Print the entries exactly; skip the pictures.

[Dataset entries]
= = = = = = =

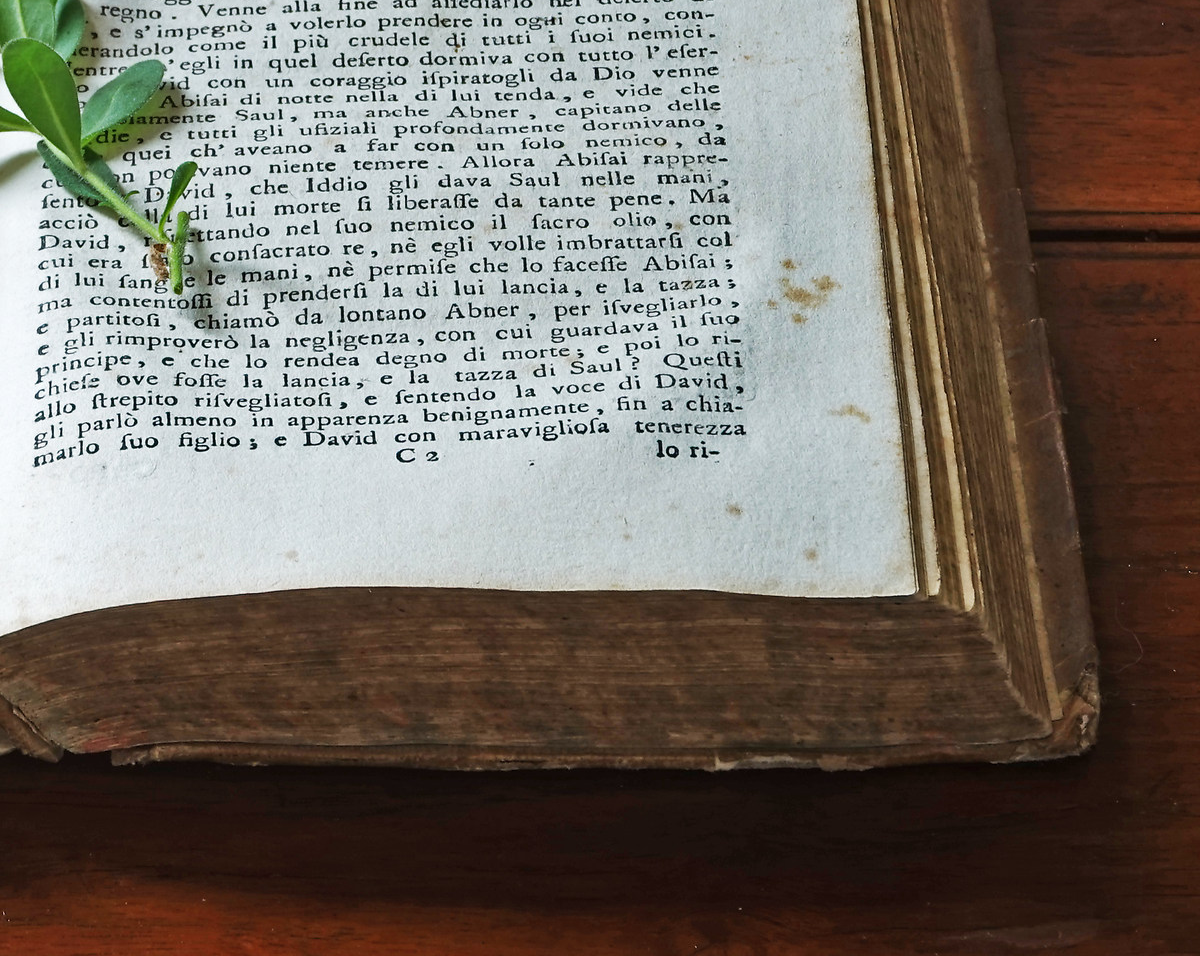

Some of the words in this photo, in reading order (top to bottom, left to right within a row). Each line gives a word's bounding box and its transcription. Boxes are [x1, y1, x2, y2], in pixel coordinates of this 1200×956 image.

[198, 4, 267, 17] Venne
[290, 15, 366, 30] volerlo
[378, 13, 472, 31] prendere
[189, 41, 245, 52] come
[294, 34, 328, 53] più
[269, 53, 317, 73] quel
[420, 51, 512, 66] dormiva
[579, 51, 633, 62] tutto
[593, 66, 635, 80] Dio
[652, 66, 719, 78] venne
[278, 95, 333, 104] notte
[555, 103, 651, 119] capitano
[668, 98, 721, 111] delle
[299, 121, 376, 136] ufiziali
[393, 121, 564, 138] profondamente
[123, 145, 171, 166] quei
[235, 145, 312, 156] aveano
[269, 160, 336, 173] niente
[461, 156, 535, 168] Allora
[643, 155, 728, 169] rappre-
[306, 176, 367, 192] Iddio
[438, 174, 491, 188] dava
[581, 171, 635, 186] nelle
[274, 202, 340, 215] morte
[539, 196, 595, 207] tante
[39, 213, 98, 229] acciò
[391, 220, 474, 232] nemico
[488, 235, 545, 251] volle
[194, 311, 279, 329] chiamò
[339, 306, 426, 323] lontano
[106, 335, 238, 353] rimproverò
[551, 321, 659, 343] guardava
[284, 353, 359, 368] rendea
[376, 351, 447, 369] degno
[455, 370, 517, 382] tazza
[34, 401, 76, 424] allo
[552, 383, 605, 395] voce
[78, 412, 138, 438] parlò
[152, 412, 236, 427] almeno
[288, 414, 408, 433] apparenza
[32, 440, 99, 467] marlo
[303, 430, 377, 446] David
[635, 421, 746, 435] tenerezza
[396, 448, 415, 463] C
[426, 451, 439, 461] 2
[656, 440, 679, 458] lo
[690, 446, 720, 458] ri-
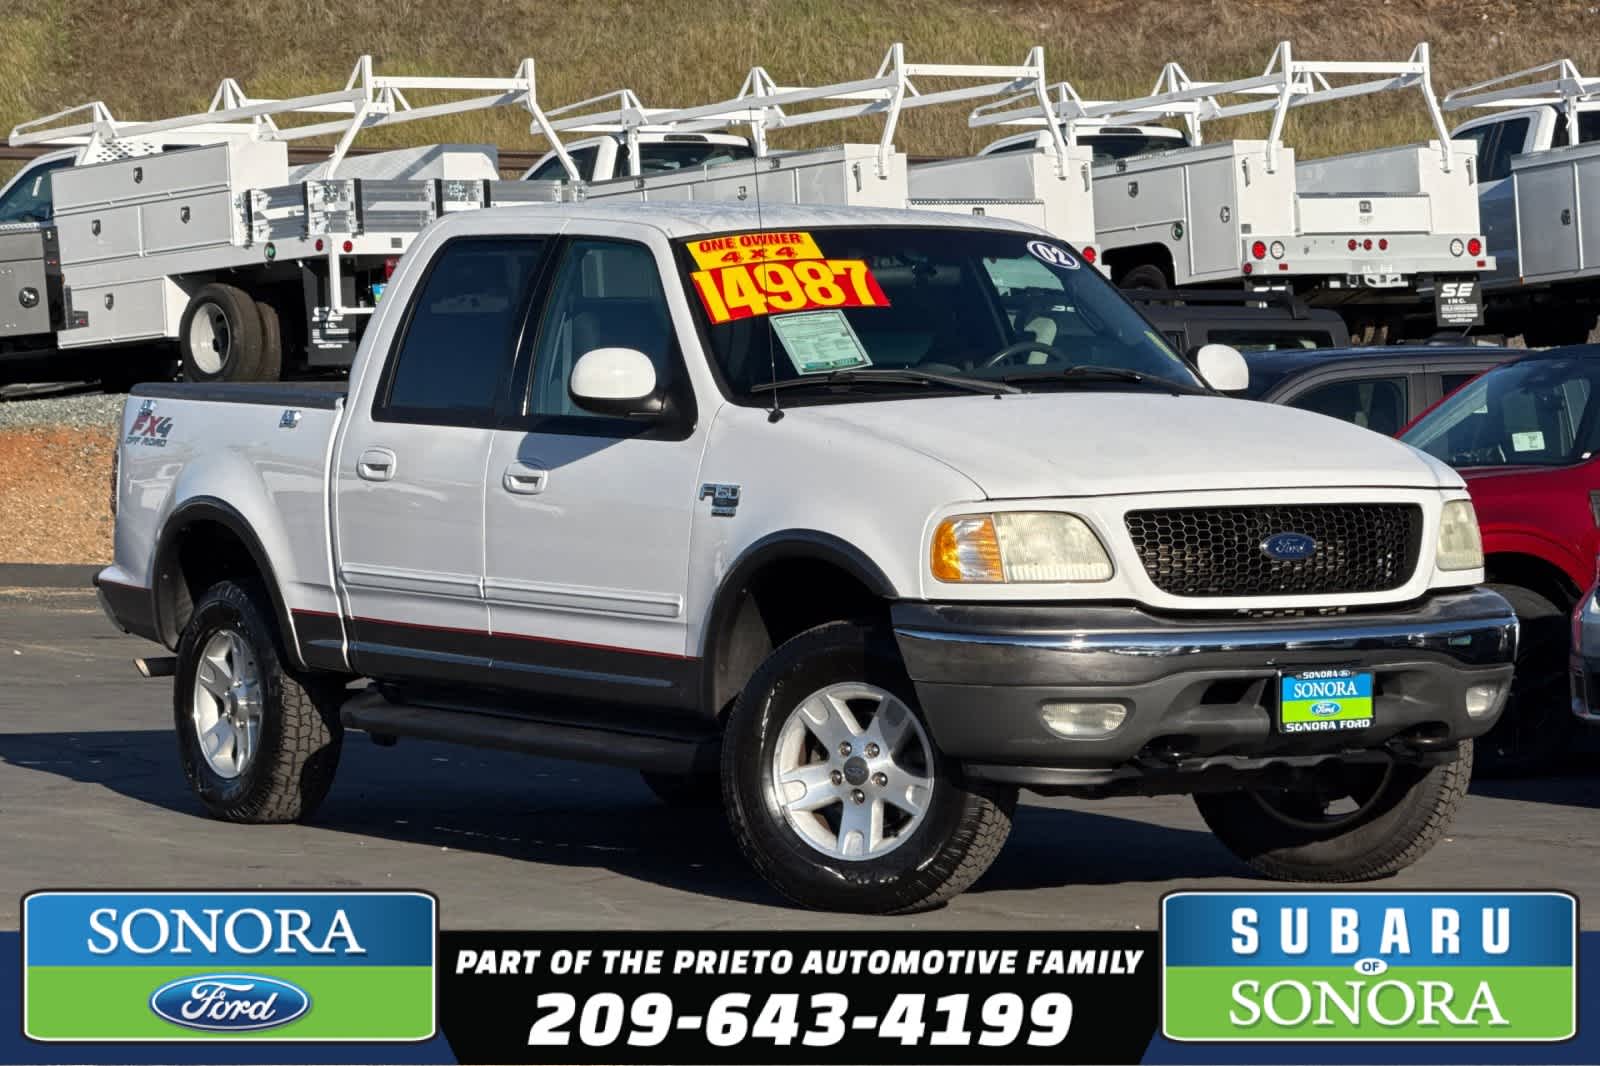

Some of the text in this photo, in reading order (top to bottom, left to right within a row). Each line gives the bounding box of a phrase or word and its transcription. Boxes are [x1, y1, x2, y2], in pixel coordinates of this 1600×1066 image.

= = = = = = =

> COMPLETED EXERCISE:
Some of the words in this photo, in reading order (top to bottom, left to right within a row). Each line gives a word's bounding box and its transcription. Boxes are [x1, y1, x2, y2], in pixel coordinates of this 1200×956 image.

[198, 4, 267, 17] Venne
[290, 15, 366, 30] volerlo
[378, 13, 472, 31] prendere
[189, 41, 245, 52] come
[294, 34, 328, 53] più
[269, 53, 317, 73] quel
[420, 51, 512, 66] dormiva
[579, 51, 633, 62] tutto
[593, 66, 635, 80] Dio
[652, 66, 719, 78] venne
[278, 95, 333, 104] notte
[555, 103, 651, 119] capitano
[668, 98, 721, 111] delle
[299, 121, 376, 136] ufiziali
[393, 121, 564, 138] profondamente
[123, 145, 171, 166] quei
[235, 145, 312, 156] aveano
[269, 160, 336, 173] niente
[461, 156, 535, 168] Allora
[643, 155, 728, 169] rappre-
[306, 176, 367, 192] Iddio
[438, 174, 491, 188] dava
[581, 171, 635, 186] nelle
[274, 202, 340, 215] morte
[539, 196, 595, 207] tante
[39, 213, 98, 229] acciò
[391, 220, 474, 232] nemico
[488, 235, 545, 251] volle
[194, 311, 279, 329] chiamò
[339, 306, 426, 323] lontano
[106, 335, 238, 353] rimproverò
[551, 321, 659, 343] guardava
[284, 353, 359, 368] rendea
[376, 351, 447, 369] degno
[455, 370, 517, 382] tazza
[34, 401, 76, 424] allo
[552, 383, 605, 395] voce
[78, 412, 138, 438] parlò
[152, 412, 236, 427] almeno
[288, 414, 408, 433] apparenza
[32, 440, 99, 467] marlo
[303, 430, 377, 446] David
[635, 421, 746, 435] tenerezza
[396, 448, 415, 463] C
[426, 451, 439, 461] 2
[656, 440, 679, 458] lo
[690, 446, 720, 458] ri-

Some of the text in this photo, in reading order (top to bottom, left to right within a row). Each line gives the bounding box of a phrase or word and its transcription. Boxes are [x1, y1, x2, y2], in pixel coordinates of this 1600×1066 image.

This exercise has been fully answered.